Leave out the pictures and restate the rest of the data exactly.
Input for this task Start Marker
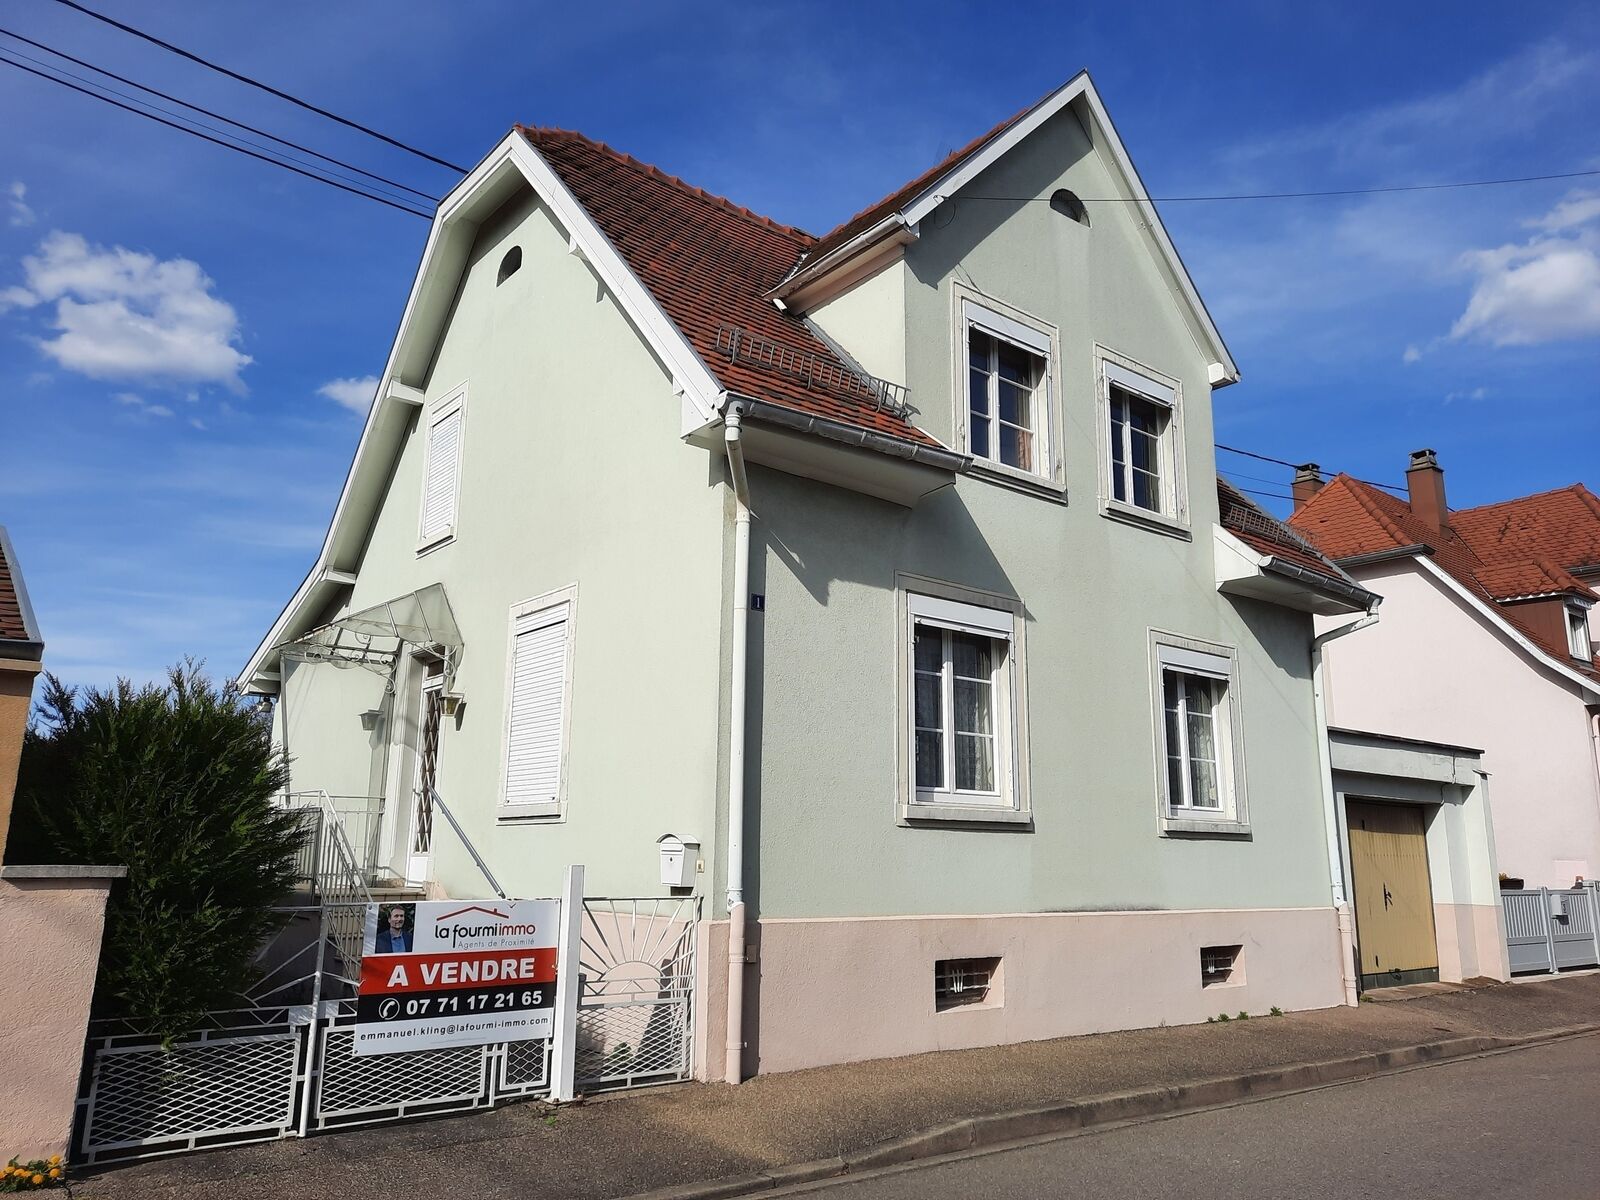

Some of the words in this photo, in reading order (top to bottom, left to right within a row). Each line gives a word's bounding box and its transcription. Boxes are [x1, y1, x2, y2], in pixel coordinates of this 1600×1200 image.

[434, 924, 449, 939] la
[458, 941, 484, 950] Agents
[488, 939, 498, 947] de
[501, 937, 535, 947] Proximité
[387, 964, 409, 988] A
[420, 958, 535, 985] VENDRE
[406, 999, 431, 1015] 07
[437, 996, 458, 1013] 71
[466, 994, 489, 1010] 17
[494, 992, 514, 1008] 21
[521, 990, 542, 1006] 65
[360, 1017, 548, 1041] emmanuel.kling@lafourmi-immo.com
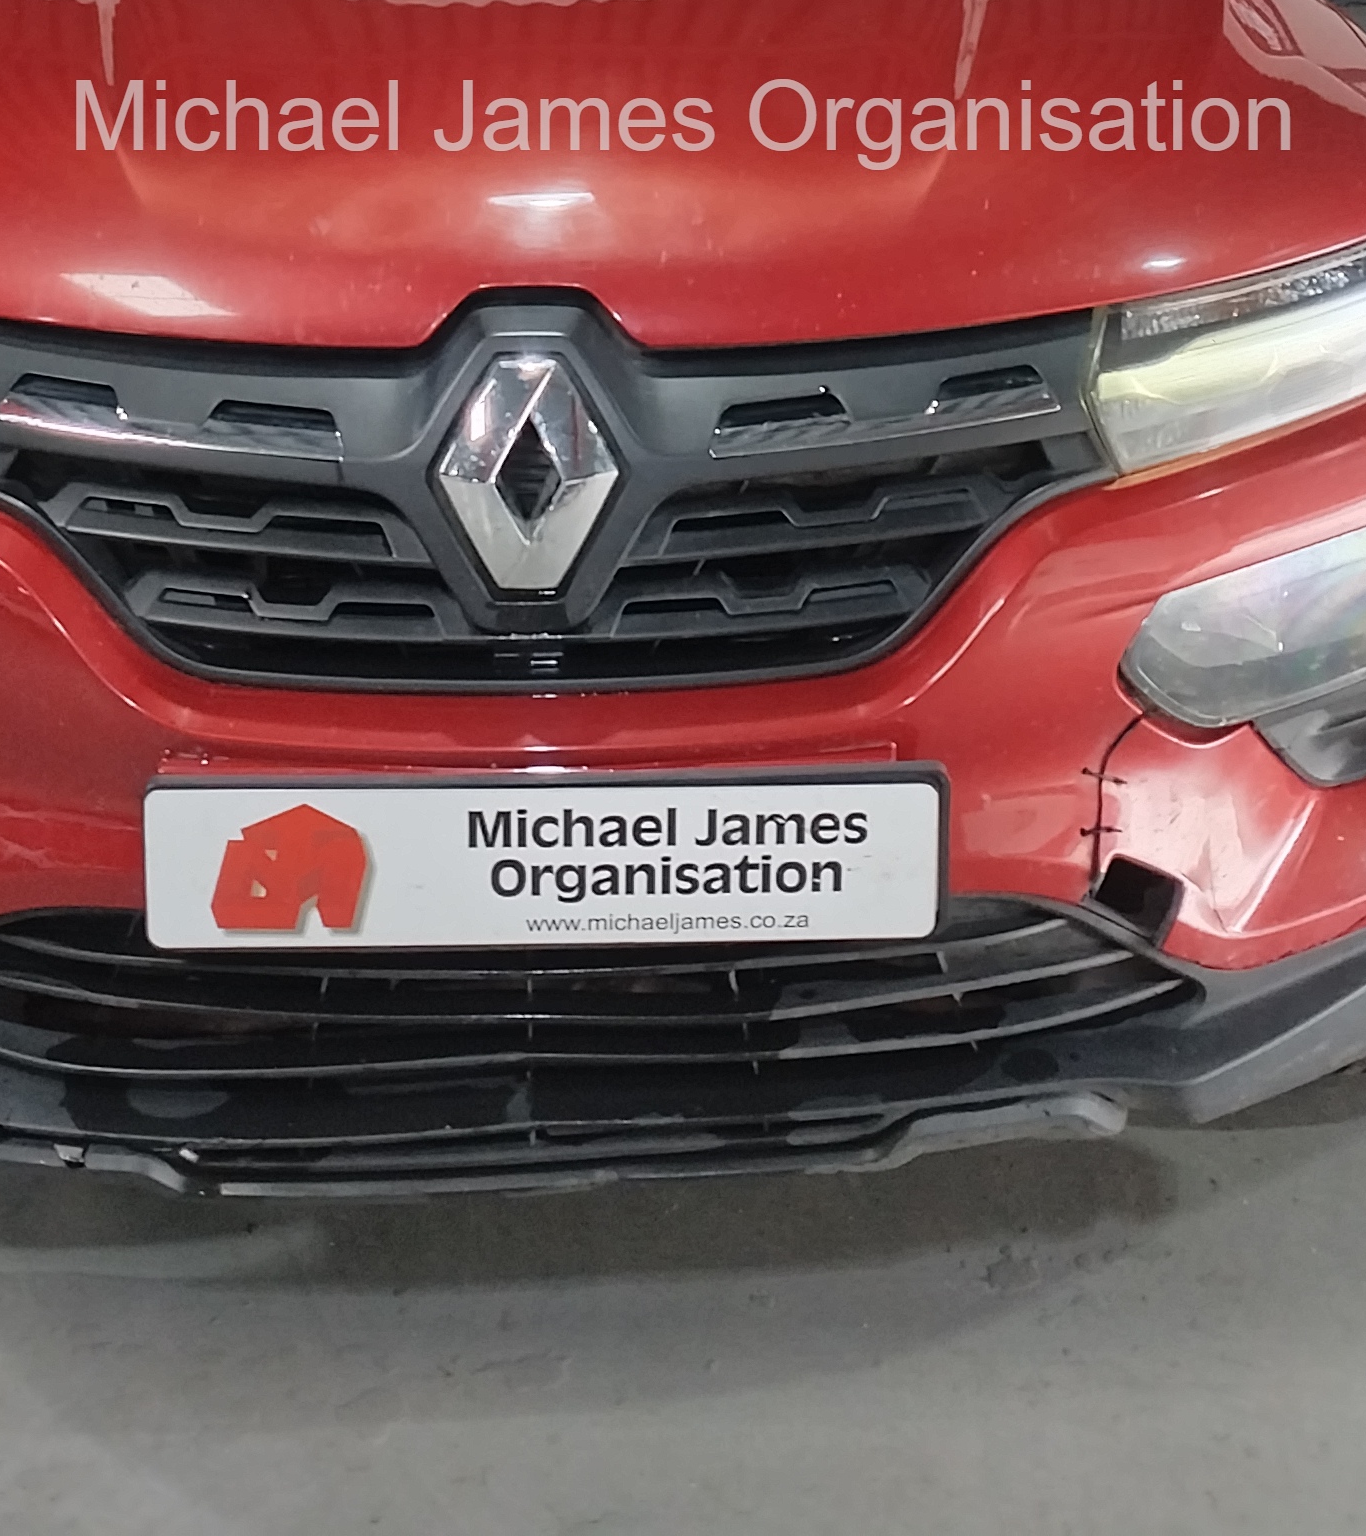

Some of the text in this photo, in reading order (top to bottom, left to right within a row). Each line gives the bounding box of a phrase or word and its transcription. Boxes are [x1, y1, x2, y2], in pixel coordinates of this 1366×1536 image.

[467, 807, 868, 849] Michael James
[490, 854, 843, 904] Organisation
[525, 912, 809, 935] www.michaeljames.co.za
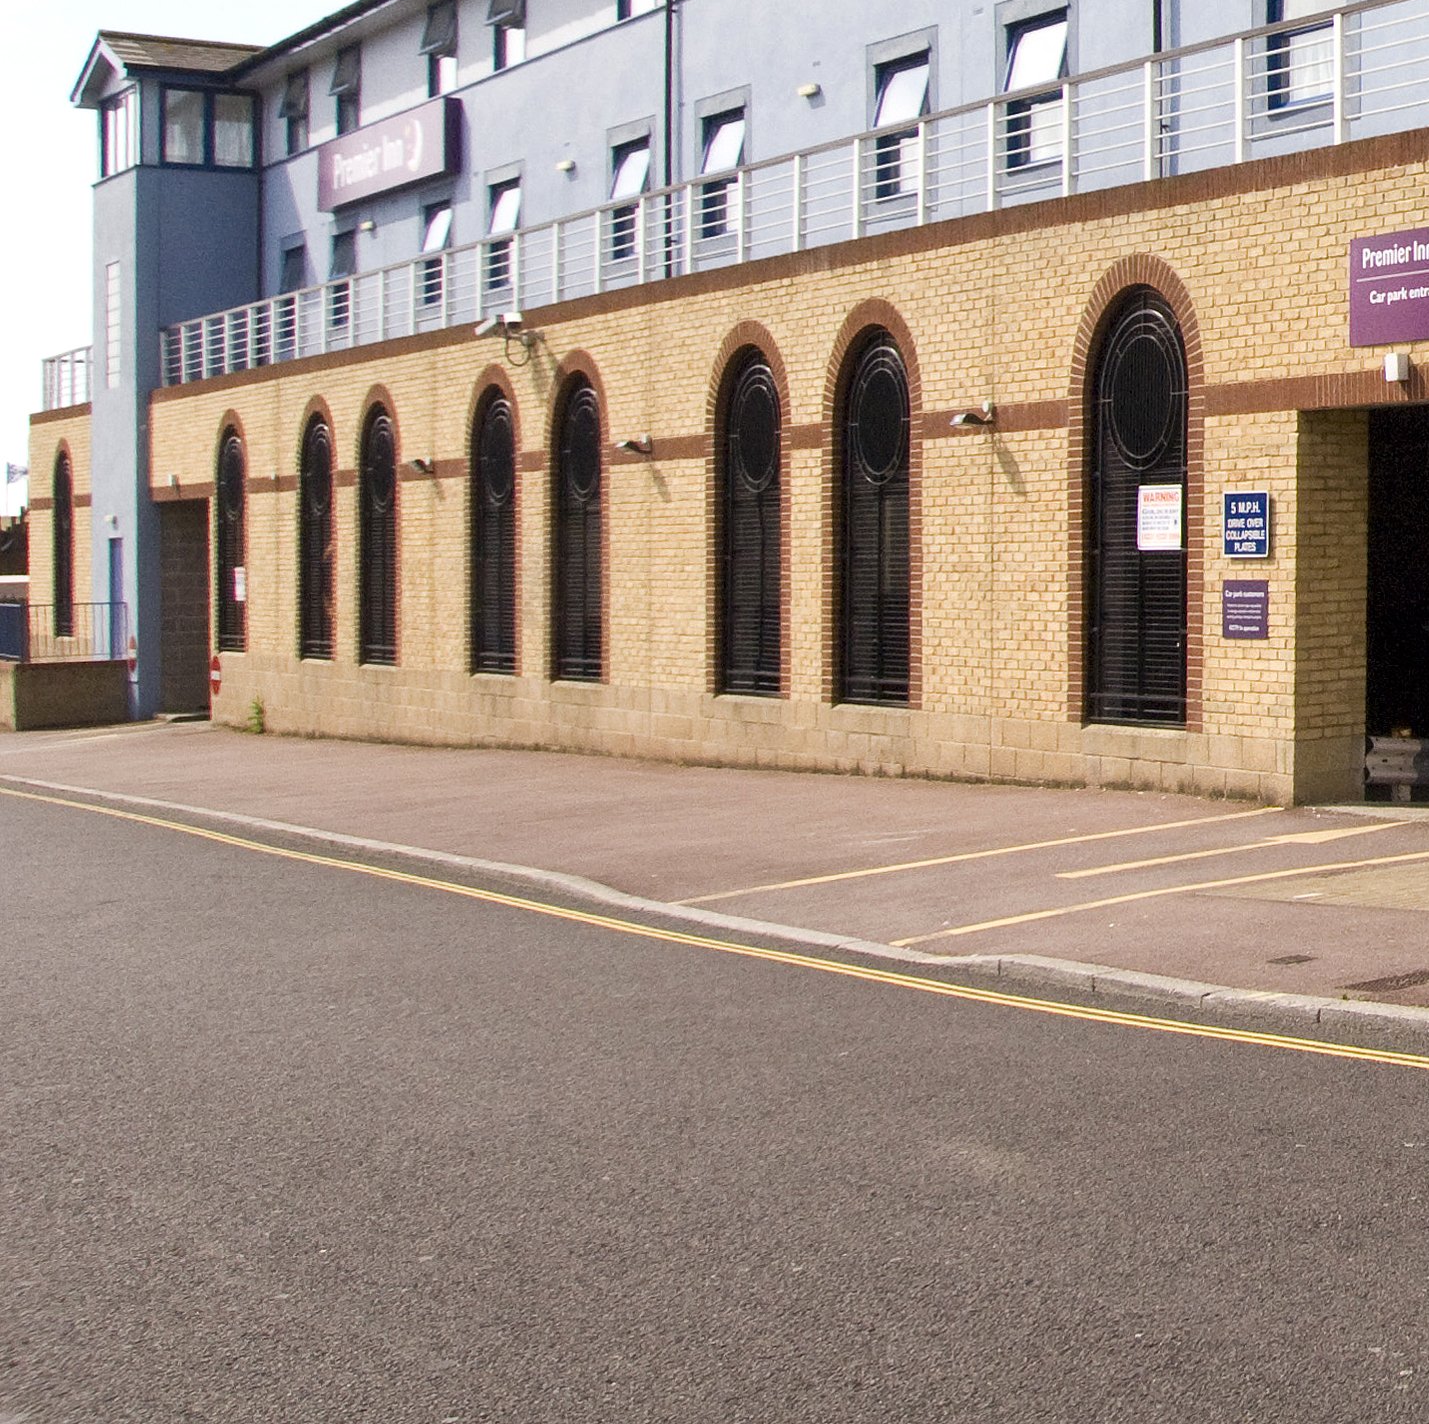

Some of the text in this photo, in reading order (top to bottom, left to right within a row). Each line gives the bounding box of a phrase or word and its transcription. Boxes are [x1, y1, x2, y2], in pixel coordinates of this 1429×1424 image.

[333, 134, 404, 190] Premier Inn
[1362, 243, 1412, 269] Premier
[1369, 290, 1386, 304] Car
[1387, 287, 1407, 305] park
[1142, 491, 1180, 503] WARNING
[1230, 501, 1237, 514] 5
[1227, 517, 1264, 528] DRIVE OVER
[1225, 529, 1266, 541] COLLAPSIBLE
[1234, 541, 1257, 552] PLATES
Input for this task End Marker
# Finished exercise:
Some of the words in this photo, in reading order (top to bottom, left to right within a row). Each line gives a word's bounding box and its transcription. Boxes are [x1, y1, x2, y2], in pixel coordinates of this 1600×1200 image.

[434, 924, 449, 939] la
[458, 941, 484, 950] Agents
[488, 939, 498, 947] de
[501, 937, 535, 947] Proximité
[387, 964, 409, 988] A
[420, 958, 535, 985] VENDRE
[406, 999, 431, 1015] 07
[437, 996, 458, 1013] 71
[466, 994, 489, 1010] 17
[494, 992, 514, 1008] 21
[521, 990, 542, 1006] 65
[360, 1017, 548, 1041] emmanuel.kling@lafourmi-immo.com

Some of the text in this photo, in reading order (top to bottom, left to right within a row). Each line gives the bounding box of a phrase or word and its transcription. Boxes are [x1, y1, x2, y2], in pixel coordinates of this 1366×1536 image.

[467, 807, 868, 849] Michael James
[490, 854, 843, 904] Organisation
[525, 912, 809, 935] www.michaeljames.co.za

Some of the text in this photo, in reading order (top to bottom, left to right within a row). Each line gives the bounding box of a phrase or word and its transcription. Boxes are [x1, y1, x2, y2], in pixel coordinates of this 1429×1424 image.

[333, 134, 404, 190] Premier Inn
[1362, 243, 1412, 269] Premier
[1369, 290, 1386, 304] Car
[1387, 287, 1407, 305] park
[1142, 491, 1180, 503] WARNING
[1230, 501, 1237, 514] 5
[1227, 517, 1264, 528] DRIVE OVER
[1225, 529, 1266, 541] COLLAPSIBLE
[1234, 541, 1257, 552] PLATES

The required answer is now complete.